[Problem details] Set down the entries once more exactly as they were written.
Available data: Begin
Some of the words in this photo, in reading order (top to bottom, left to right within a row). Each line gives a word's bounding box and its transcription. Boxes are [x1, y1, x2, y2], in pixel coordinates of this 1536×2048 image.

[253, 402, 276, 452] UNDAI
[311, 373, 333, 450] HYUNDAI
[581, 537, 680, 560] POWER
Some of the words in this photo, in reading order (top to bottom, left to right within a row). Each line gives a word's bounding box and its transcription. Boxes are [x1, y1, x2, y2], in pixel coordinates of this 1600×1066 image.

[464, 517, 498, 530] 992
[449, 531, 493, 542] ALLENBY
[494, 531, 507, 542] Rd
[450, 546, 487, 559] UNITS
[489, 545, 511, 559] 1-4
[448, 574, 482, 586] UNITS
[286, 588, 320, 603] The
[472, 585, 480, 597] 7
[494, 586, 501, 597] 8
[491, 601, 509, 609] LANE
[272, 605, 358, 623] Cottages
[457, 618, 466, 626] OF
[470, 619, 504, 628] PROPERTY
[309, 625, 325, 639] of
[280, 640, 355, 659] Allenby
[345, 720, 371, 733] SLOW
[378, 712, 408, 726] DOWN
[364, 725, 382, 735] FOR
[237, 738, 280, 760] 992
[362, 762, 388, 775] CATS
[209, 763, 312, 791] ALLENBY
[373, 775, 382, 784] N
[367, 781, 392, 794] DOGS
Available data: End
[Exercise solution]
Some of the words in this photo, in reading order (top to bottom, left to right within a row). Each line gives a word's bounding box and its transcription. Boxes are [x1, y1, x2, y2], in pixel coordinates of this 1536×2048 image.

[253, 402, 276, 452] UNDAI
[311, 373, 333, 450] HYUNDAI
[581, 537, 680, 560] POWER
Some of the words in this photo, in reading order (top to bottom, left to right within a row). Each line gives a word's bounding box and its transcription. Boxes are [x1, y1, x2, y2], in pixel coordinates of this 1600×1066 image.

[464, 517, 498, 530] 992
[449, 531, 493, 542] ALLENBY
[494, 531, 507, 542] Rd
[450, 546, 487, 559] UNITS
[489, 545, 511, 559] 1-4
[448, 574, 482, 586] UNITS
[286, 588, 320, 603] The
[472, 585, 480, 597] 7
[494, 586, 501, 597] 8
[491, 601, 509, 609] LANE
[272, 605, 358, 623] Cottages
[457, 618, 466, 626] OF
[470, 619, 504, 628] PROPERTY
[309, 625, 325, 639] of
[280, 640, 355, 659] Allenby
[345, 720, 371, 733] SLOW
[378, 712, 408, 726] DOWN
[364, 725, 382, 735] FOR
[237, 738, 280, 760] 992
[362, 762, 388, 775] CATS
[209, 763, 312, 791] ALLENBY
[373, 775, 382, 784] N
[367, 781, 392, 794] DOGS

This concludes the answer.